◆ Problem description:
Without including any picture, copy the entries that follow word for word.

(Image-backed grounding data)
● ● ● ● ● ● ●
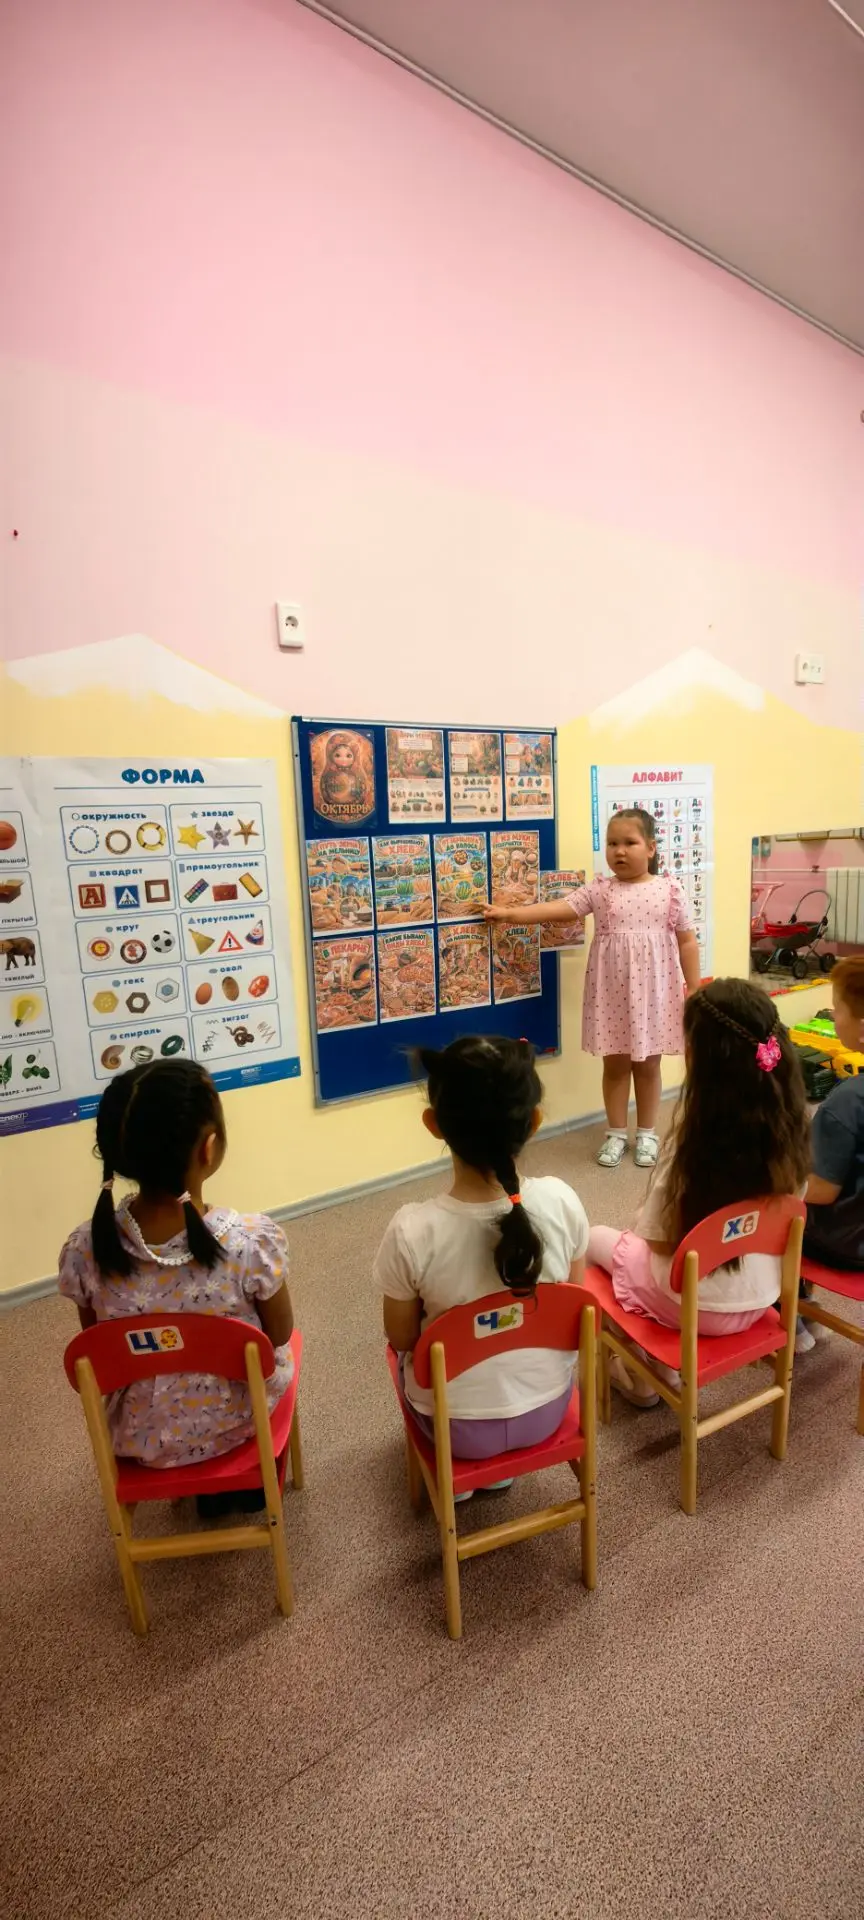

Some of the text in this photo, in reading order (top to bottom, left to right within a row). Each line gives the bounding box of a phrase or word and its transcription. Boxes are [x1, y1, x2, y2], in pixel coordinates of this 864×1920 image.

[121, 768, 205, 784] ФОРМА
[632, 771, 683, 783] АЛФАВИТ
[201, 809, 234, 818] звезда
[321, 803, 369, 814] ОКТЯБРЬ
[82, 812, 146, 821] окружность
[186, 860, 260, 872] прямоугольник
[99, 867, 143, 878] квадрат
[196, 913, 255, 925] треугольник
[116, 923, 139, 933] круг
[220, 964, 243, 973] овал
[123, 977, 145, 985] гекс
[221, 1013, 249, 1023] зигзаг
[119, 1027, 161, 1040] спираль
[477, 1312, 498, 1330] Ч
[129, 1331, 159, 1352] Ц
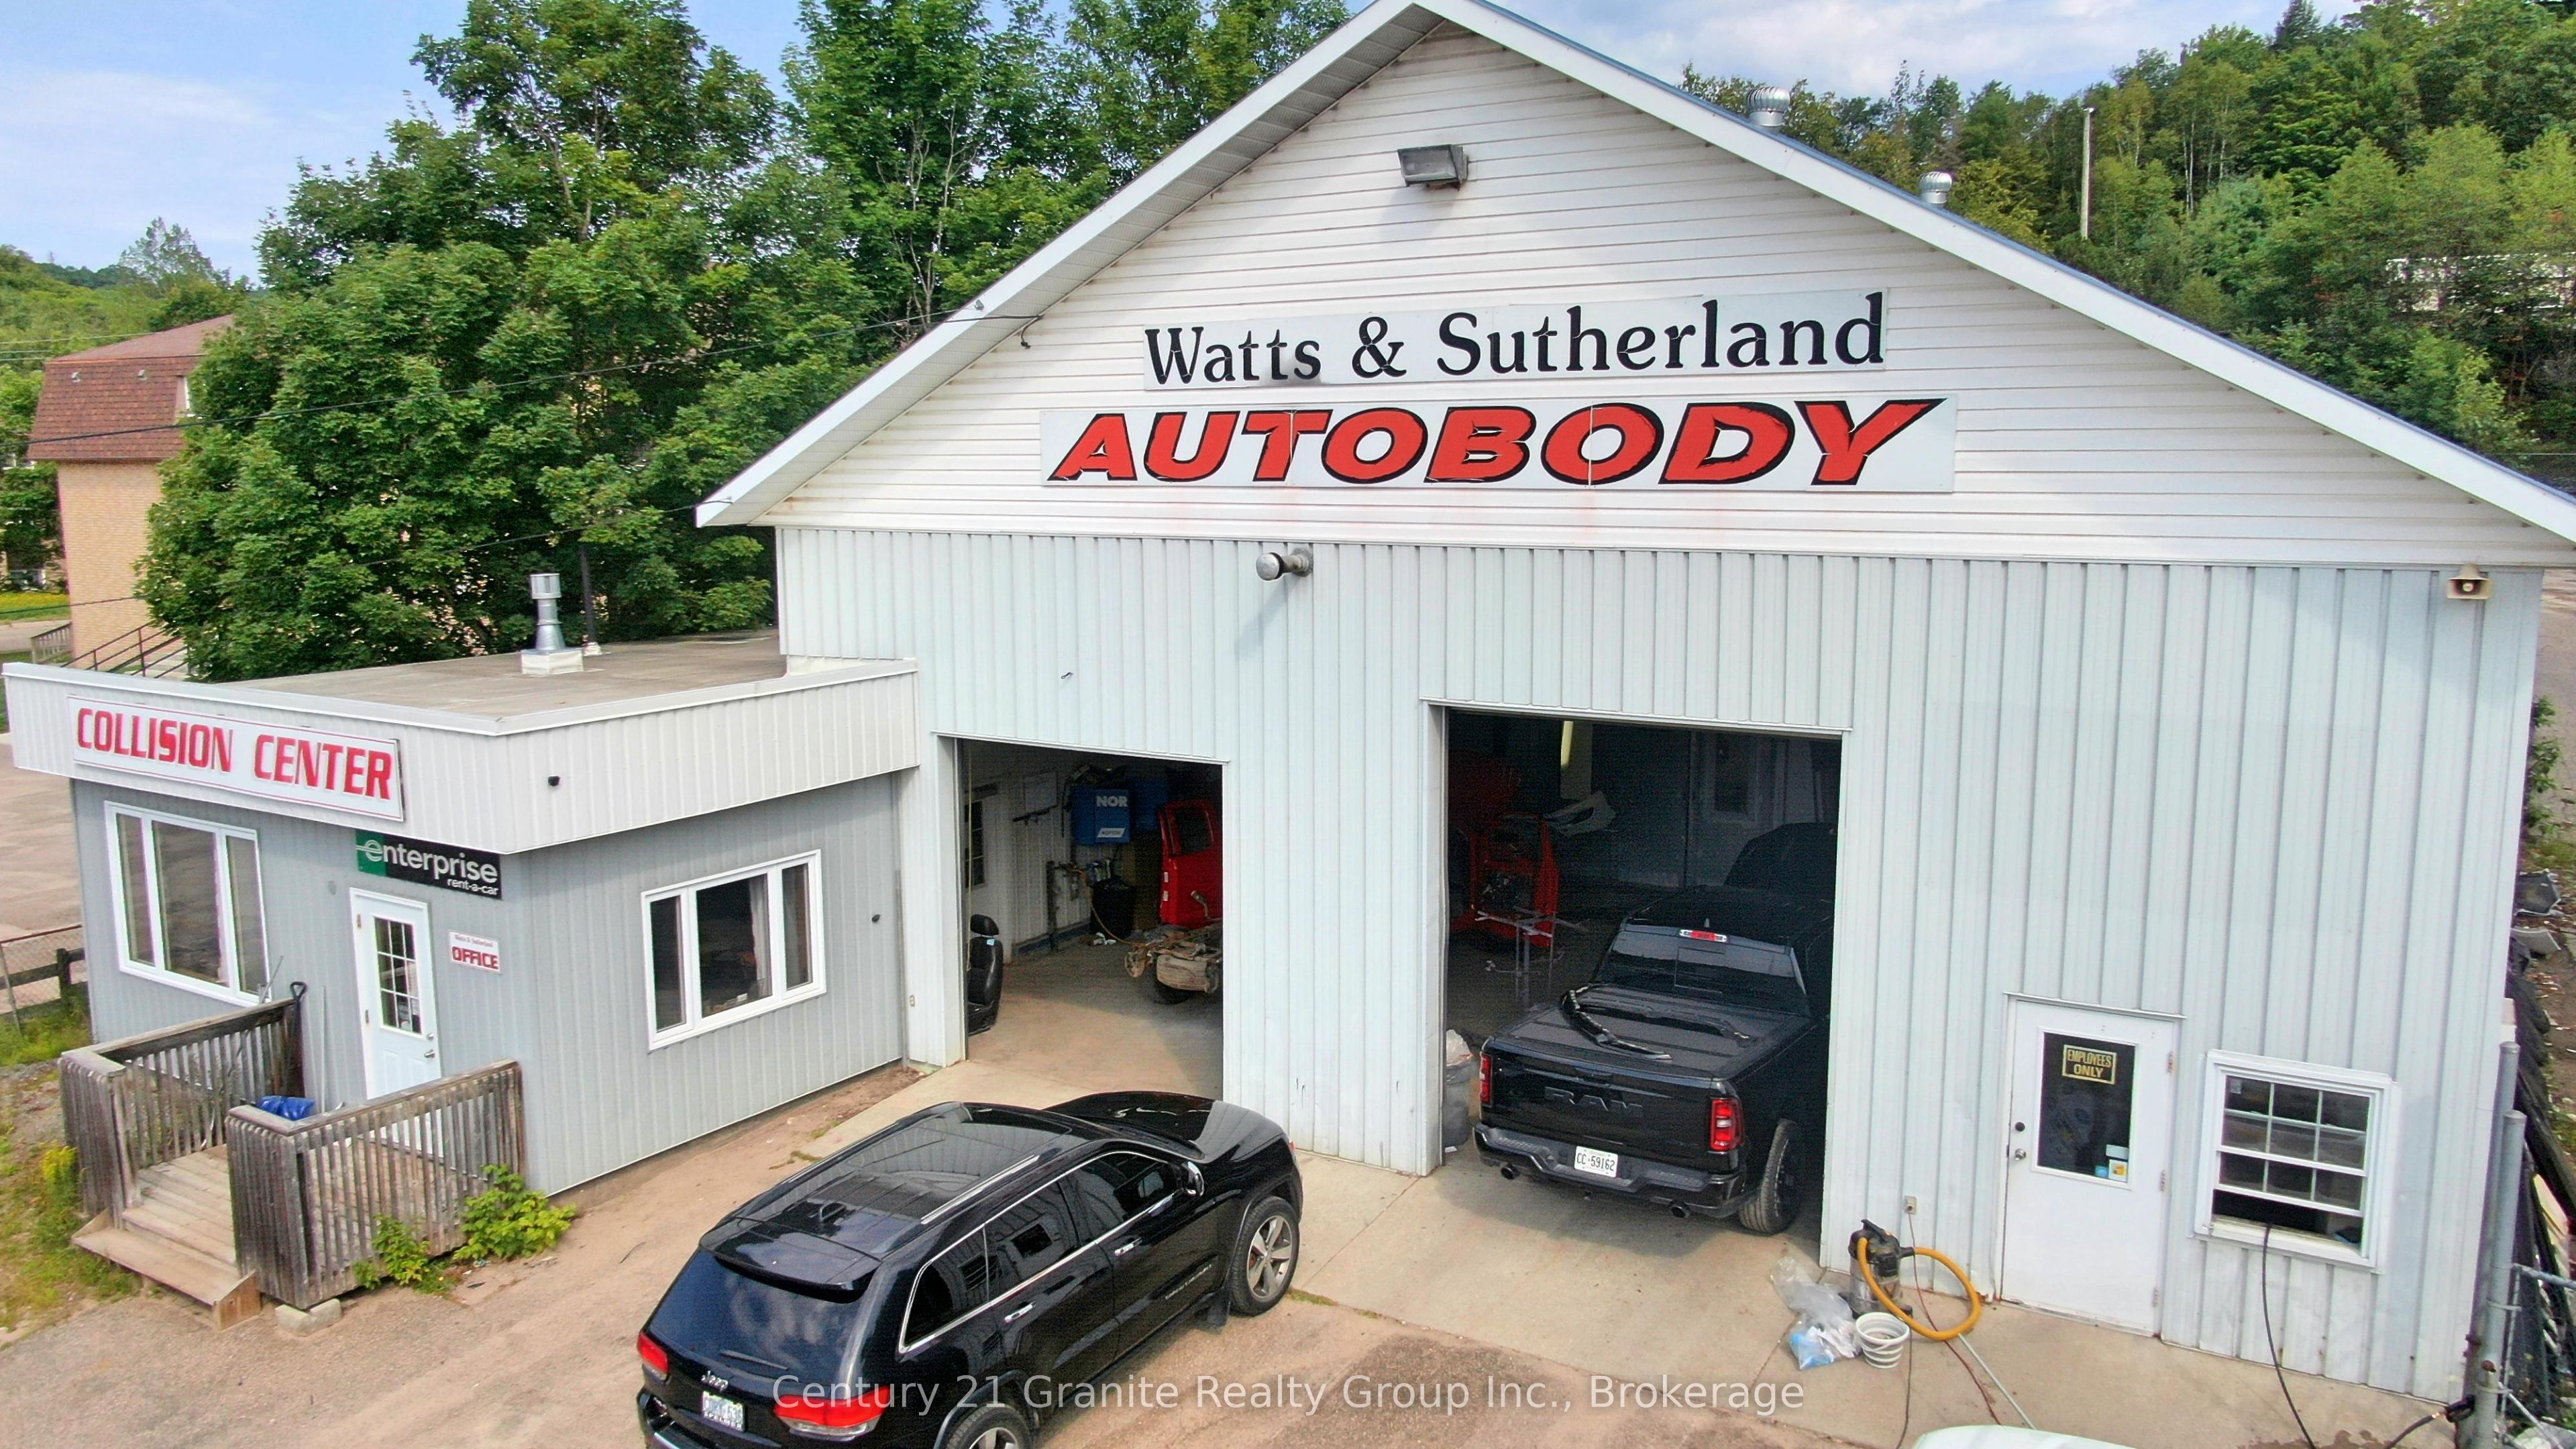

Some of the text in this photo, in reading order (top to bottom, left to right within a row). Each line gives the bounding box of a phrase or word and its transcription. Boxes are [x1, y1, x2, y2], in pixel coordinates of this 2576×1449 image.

[1145, 291, 1885, 384] Watts & Sutherland
[1047, 397, 1947, 486] AUTOBODY
[78, 708, 392, 800] COLLISION CENTER
[1096, 796, 1128, 807] NOR
[364, 839, 498, 883] enterprise
[447, 878, 498, 896] rent-a-car
[452, 946, 498, 970] OFFICE
[2068, 1049, 2111, 1067] EMPLOYEES
[2074, 1064, 2104, 1078] ONLY
● ● ● ● ● ● ●
◆ Task output:
Some of the text in this photo, in reading order (top to bottom, left to right within a row). Each line gives the bounding box of a phrase or word and its transcription. Boxes are [x1, y1, x2, y2], in pixel coordinates of this 864×1920 image.

[121, 768, 205, 784] ФОРМА
[632, 771, 683, 783] АЛФАВИТ
[201, 809, 234, 818] звезда
[321, 803, 369, 814] ОКТЯБРЬ
[82, 812, 146, 821] окружность
[186, 860, 260, 872] прямоугольник
[99, 867, 143, 878] квадрат
[196, 913, 255, 925] треугольник
[116, 923, 139, 933] круг
[220, 964, 243, 973] овал
[123, 977, 145, 985] гекс
[221, 1013, 249, 1023] зигзаг
[119, 1027, 161, 1040] спираль
[477, 1312, 498, 1330] Ч
[129, 1331, 159, 1352] Ц

Some of the text in this photo, in reading order (top to bottom, left to right within a row). Each line gives the bounding box of a phrase or word and its transcription. Boxes are [x1, y1, x2, y2], in pixel coordinates of this 2576×1449 image.

[1145, 291, 1885, 384] Watts & Sutherland
[1047, 397, 1947, 486] AUTOBODY
[78, 708, 392, 800] COLLISION CENTER
[1096, 796, 1128, 807] NOR
[364, 839, 498, 883] enterprise
[447, 878, 498, 896] rent-a-car
[452, 946, 498, 970] OFFICE
[2068, 1049, 2111, 1067] EMPLOYEES
[2074, 1064, 2104, 1078] ONLY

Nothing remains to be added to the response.